> [Assignment]
The answer should be the lines from the one with "this 1920×600 image." through the final line of the entries, restated word for word.

> [Extracted material]
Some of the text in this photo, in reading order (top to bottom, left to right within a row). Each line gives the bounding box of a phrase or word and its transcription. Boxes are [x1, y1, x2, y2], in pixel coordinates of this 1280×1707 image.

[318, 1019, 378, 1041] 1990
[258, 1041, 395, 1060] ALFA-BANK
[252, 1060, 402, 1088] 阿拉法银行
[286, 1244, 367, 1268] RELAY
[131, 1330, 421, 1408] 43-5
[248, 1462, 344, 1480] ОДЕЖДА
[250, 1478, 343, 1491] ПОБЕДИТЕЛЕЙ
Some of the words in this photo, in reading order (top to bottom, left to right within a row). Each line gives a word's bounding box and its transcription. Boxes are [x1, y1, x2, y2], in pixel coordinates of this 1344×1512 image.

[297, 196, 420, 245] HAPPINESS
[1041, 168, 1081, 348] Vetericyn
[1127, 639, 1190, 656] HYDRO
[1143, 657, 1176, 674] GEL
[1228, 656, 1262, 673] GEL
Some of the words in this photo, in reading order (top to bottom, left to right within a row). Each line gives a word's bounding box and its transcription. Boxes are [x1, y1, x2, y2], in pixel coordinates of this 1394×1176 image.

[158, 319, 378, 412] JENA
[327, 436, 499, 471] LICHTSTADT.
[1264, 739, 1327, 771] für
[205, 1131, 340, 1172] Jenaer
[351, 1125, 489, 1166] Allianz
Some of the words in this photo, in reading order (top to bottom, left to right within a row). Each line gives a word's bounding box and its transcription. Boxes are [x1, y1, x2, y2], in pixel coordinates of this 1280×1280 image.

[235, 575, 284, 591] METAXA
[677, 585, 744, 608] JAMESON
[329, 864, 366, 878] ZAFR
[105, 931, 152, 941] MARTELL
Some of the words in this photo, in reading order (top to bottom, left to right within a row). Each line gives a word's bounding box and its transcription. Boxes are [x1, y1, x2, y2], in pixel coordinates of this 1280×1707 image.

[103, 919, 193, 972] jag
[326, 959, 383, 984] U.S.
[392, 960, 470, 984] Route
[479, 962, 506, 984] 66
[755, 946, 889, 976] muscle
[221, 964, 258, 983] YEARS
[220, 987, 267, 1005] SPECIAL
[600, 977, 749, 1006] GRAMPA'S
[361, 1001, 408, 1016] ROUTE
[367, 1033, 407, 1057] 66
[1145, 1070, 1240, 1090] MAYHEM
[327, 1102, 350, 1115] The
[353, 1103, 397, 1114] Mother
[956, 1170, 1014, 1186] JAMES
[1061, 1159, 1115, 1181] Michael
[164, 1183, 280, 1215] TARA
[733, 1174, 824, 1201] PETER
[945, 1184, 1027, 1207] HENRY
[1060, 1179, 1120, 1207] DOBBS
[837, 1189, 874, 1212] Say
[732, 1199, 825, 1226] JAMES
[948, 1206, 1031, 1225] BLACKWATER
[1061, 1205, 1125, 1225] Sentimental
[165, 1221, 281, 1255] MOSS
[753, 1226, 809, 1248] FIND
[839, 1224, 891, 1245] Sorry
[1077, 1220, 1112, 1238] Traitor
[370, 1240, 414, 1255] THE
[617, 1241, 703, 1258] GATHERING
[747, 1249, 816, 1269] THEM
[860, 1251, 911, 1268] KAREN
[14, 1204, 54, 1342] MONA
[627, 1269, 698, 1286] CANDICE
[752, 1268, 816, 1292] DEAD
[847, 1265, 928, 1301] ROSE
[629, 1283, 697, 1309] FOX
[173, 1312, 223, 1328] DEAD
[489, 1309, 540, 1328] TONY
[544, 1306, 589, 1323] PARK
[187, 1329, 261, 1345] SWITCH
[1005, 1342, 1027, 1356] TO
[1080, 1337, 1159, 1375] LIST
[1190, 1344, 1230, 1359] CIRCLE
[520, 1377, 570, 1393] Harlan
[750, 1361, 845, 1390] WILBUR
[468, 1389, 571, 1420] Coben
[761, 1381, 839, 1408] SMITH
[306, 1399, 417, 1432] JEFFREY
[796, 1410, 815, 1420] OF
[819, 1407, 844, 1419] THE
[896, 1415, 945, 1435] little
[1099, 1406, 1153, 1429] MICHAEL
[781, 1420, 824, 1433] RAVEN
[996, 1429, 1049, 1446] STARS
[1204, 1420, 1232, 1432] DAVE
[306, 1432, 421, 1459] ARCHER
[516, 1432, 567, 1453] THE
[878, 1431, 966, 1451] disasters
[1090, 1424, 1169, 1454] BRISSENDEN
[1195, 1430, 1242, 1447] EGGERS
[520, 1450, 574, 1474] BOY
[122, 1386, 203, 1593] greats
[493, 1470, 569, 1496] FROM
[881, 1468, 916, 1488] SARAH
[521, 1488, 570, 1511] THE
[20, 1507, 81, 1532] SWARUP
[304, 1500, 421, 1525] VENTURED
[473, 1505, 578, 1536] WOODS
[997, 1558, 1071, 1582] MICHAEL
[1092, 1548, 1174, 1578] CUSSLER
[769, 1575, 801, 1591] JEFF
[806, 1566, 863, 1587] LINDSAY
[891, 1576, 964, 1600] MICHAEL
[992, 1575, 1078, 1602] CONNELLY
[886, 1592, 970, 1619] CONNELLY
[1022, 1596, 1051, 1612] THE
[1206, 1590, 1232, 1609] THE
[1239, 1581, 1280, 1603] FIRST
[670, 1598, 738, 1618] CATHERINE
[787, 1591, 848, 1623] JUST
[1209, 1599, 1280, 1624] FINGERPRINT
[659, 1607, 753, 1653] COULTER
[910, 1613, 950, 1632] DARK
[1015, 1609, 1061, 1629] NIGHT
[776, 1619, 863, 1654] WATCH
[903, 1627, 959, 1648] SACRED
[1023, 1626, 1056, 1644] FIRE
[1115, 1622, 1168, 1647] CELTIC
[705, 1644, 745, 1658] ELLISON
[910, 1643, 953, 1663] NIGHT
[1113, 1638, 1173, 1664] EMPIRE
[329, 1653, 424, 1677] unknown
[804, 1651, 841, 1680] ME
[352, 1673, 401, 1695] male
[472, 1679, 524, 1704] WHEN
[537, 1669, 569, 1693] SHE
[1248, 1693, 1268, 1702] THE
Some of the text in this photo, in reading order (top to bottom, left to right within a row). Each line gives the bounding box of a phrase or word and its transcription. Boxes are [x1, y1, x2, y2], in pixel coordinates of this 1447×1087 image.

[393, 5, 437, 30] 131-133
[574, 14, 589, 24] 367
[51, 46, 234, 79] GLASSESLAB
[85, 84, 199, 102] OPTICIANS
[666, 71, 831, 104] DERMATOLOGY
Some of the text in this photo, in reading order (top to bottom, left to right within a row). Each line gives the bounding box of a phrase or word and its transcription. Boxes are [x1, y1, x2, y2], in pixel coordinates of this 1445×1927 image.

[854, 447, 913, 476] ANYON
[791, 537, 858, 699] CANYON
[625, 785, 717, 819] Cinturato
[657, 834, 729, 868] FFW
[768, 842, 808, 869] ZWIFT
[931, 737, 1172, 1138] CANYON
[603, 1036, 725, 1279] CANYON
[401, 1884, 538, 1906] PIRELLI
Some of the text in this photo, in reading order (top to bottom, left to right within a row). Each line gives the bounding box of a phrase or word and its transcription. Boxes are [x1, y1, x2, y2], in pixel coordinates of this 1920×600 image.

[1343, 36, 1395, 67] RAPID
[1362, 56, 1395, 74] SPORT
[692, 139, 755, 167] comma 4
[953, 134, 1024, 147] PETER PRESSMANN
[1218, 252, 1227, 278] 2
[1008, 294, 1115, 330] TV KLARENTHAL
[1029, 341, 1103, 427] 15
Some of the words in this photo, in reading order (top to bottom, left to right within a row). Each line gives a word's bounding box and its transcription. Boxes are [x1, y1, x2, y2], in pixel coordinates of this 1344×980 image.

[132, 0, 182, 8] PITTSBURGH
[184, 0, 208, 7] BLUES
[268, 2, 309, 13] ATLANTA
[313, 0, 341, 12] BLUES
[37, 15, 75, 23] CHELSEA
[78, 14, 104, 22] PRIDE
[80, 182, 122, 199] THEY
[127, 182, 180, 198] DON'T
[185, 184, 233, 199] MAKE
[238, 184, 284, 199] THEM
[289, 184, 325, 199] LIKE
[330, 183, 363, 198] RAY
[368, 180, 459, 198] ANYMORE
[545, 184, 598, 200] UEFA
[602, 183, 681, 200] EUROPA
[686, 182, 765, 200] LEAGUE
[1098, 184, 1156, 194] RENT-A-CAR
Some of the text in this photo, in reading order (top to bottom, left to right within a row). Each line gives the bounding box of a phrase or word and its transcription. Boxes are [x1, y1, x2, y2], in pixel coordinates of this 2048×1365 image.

> [Answer area]
Some of the text in this photo, in reading order (top to bottom, left to right within a row). Each line gives the bounding box of a phrase or word and its transcription. Boxes are [x1, y1, x2, y2], in pixel coordinates of this 1920×600 image.

[1343, 36, 1395, 67] RAPID
[1362, 56, 1395, 74] SPORT
[692, 139, 755, 167] comma 4
[953, 134, 1024, 147] PETER PRESSMANN
[1218, 252, 1227, 278] 2
[1008, 294, 1115, 330] TV KLARENTHAL
[1029, 341, 1103, 427] 15
Some of the words in this photo, in reading order (top to bottom, left to right within a row). Each line gives a word's bounding box and its transcription. Boxes are [x1, y1, x2, y2], in pixel coordinates of this 1344×980 image.

[132, 0, 182, 8] PITTSBURGH
[184, 0, 208, 7] BLUES
[268, 2, 309, 13] ATLANTA
[313, 0, 341, 12] BLUES
[37, 15, 75, 23] CHELSEA
[78, 14, 104, 22] PRIDE
[80, 182, 122, 199] THEY
[127, 182, 180, 198] DON'T
[185, 184, 233, 199] MAKE
[238, 184, 284, 199] THEM
[289, 184, 325, 199] LIKE
[330, 183, 363, 198] RAY
[368, 180, 459, 198] ANYMORE
[545, 184, 598, 200] UEFA
[602, 183, 681, 200] EUROPA
[686, 182, 765, 200] LEAGUE
[1098, 184, 1156, 194] RENT-A-CAR
Some of the text in this photo, in reading order (top to bottom, left to right within a row). Each line gives the bounding box of a phrase or word and its transcription. Boxes are [x1, y1, x2, y2], in pixel coordinates of this 2048×1365 image.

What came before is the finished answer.